Whenever people say, “You should not discriminate against people because they didn’t chose to be black,” I hear the mild tones of wild liberal condescension.

Implicit in that logic is a kind of judgment, the notion that if I could choose, I obviously would choose to be white. But what if I just like being black? What if I could choose and would still choose black? Ditto for homosexuality. So what if you do choose to be gay? I understand that a lot of the science says you don’t, but why do we accept this implicit idea that heterosexuality is, necessarily, what everyone would chose?
. . .
What if it is who you are and what you choose?

Which moved me, b/c on one hand I feel like it’s important to acknowledge both the research and people’s sense of their immovable biological and psychological realities, but on the other hand, yeah, any sort of consensual sexuality should be a perfectly valid choice, since they are (by definitions) not choices that harm others; all arguments against them are themselves rooted in chosen religions. We experiment, we act, we try things, we are not just an immutable organic machine, but an accumulation of choices and experiences, and freedom includes the freedom to shape that. My freedom to be religious is completely entwined with mine & anyone else’s freedom to choose to be gay or bisexual or straight or genderqueer or whatnot.

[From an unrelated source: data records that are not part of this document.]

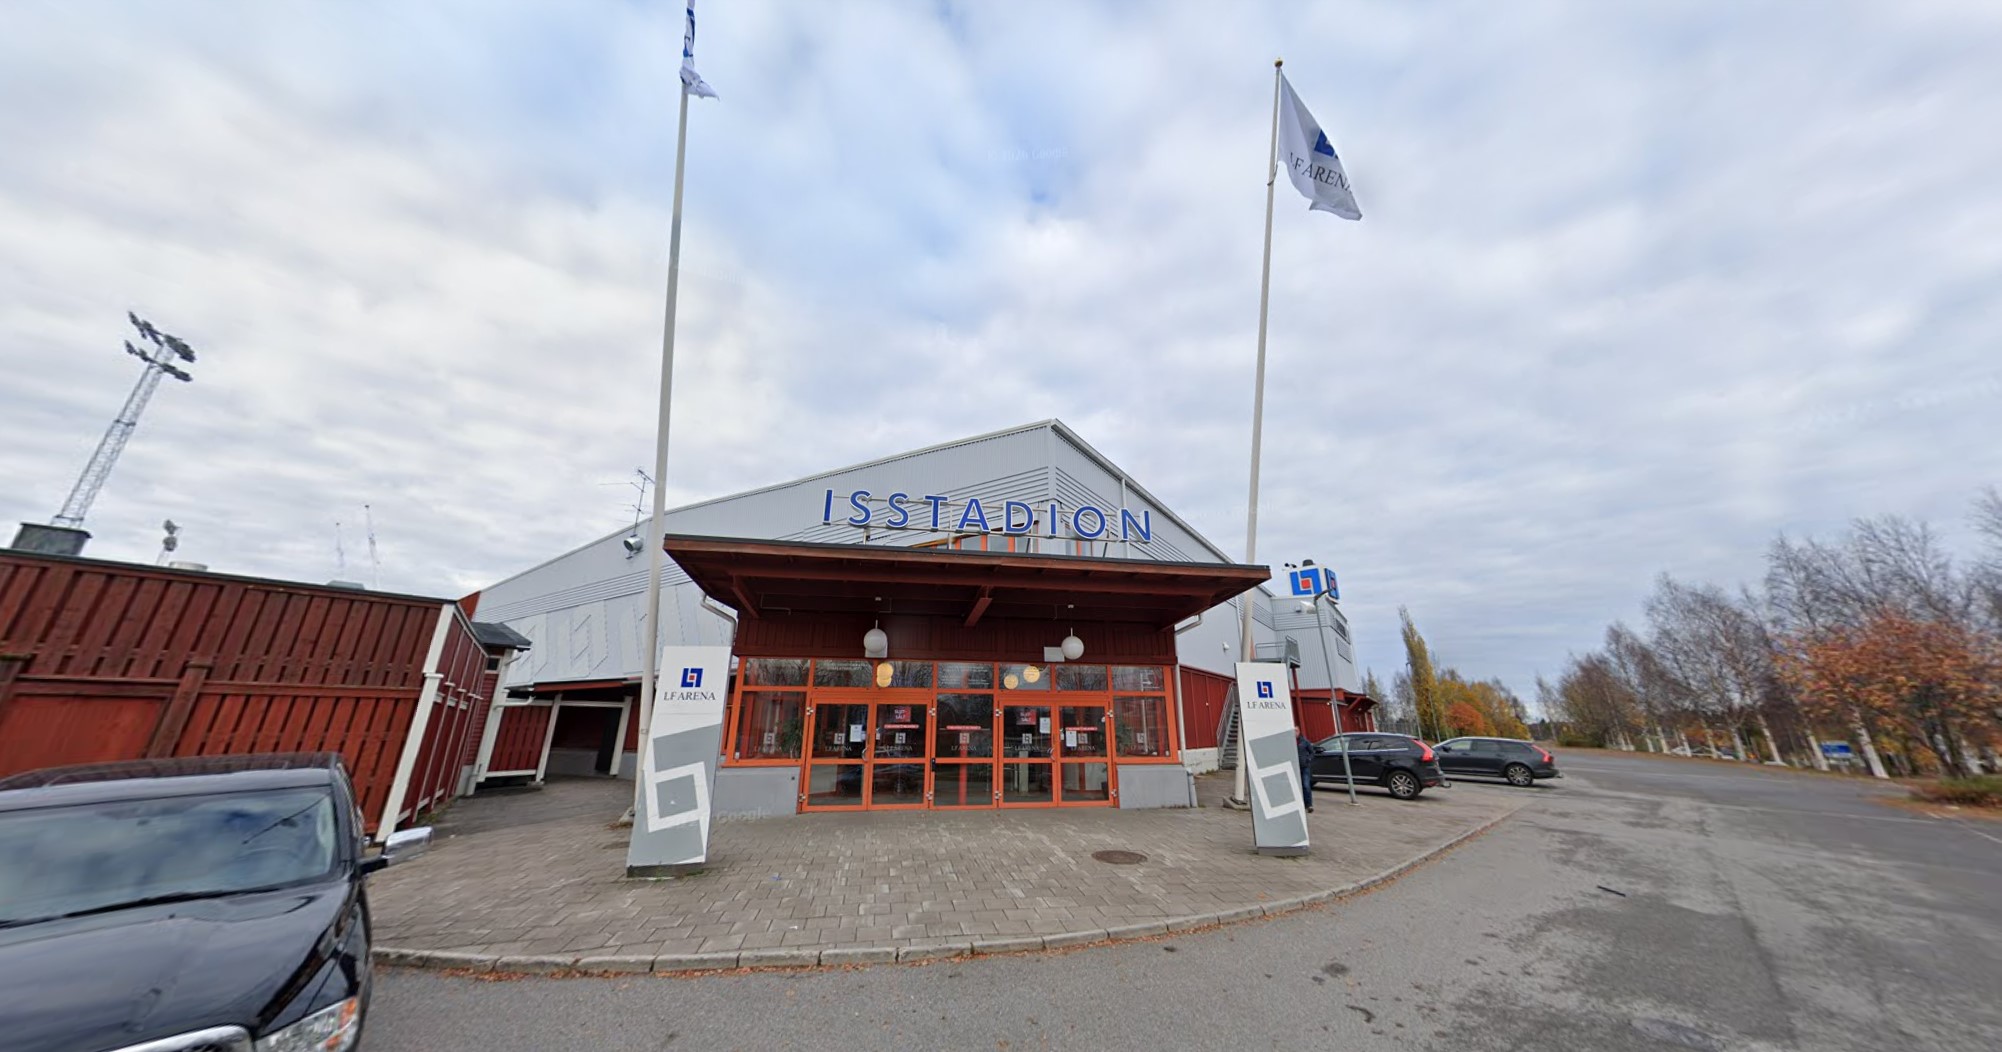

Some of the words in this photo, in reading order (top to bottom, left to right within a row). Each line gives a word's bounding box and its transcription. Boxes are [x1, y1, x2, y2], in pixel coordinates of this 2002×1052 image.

[823, 489, 1151, 543] ISSTADION
[663, 691, 677, 701] LF
[678, 691, 716, 701] ARENA
[1247, 701, 1258, 710] LF
[1259, 701, 1287, 710] ARENA

because everyone’s jour ney is difficult in its own way.

Always a good reminder.

Tim Carmody says…

If you’re talking about Lost Language of Cranes, I don’t really think of it as a spoiler. It’s the premise of the book, revealed early on. If it’s a spoiler, it’s like saying “Hamlet’s father was actually poisoned by his uncle” is a spoiler.

It’s weird, though, because I first thought, “maybe she means Ghosts?” And I never thought of the “curse-of-the-father-inherited-by-the-son” dynamics in Ghosts applied to LLC. Eh, not sure it actually does.

But Leavitt as an heir of Ibsen — that actually might work.

Er, I was actually talking about God Says No. I should read more Ibsen though. Or preferably, see it first.

Ta-Nehisi had written another post I had in mind when I wrote this one, in which he talks about the disapprobation society casts on interracial couples, and says that in a world where it’s as hard as this one for two people to fall in love, he wonders how anyone could begrudge someone else succeeding in that.

But don’t worry, the spoiler in this case really doesn’t spoil much. Hannaham signals fairly clearly and early that Gary will not surrender to homosexuality without a fight.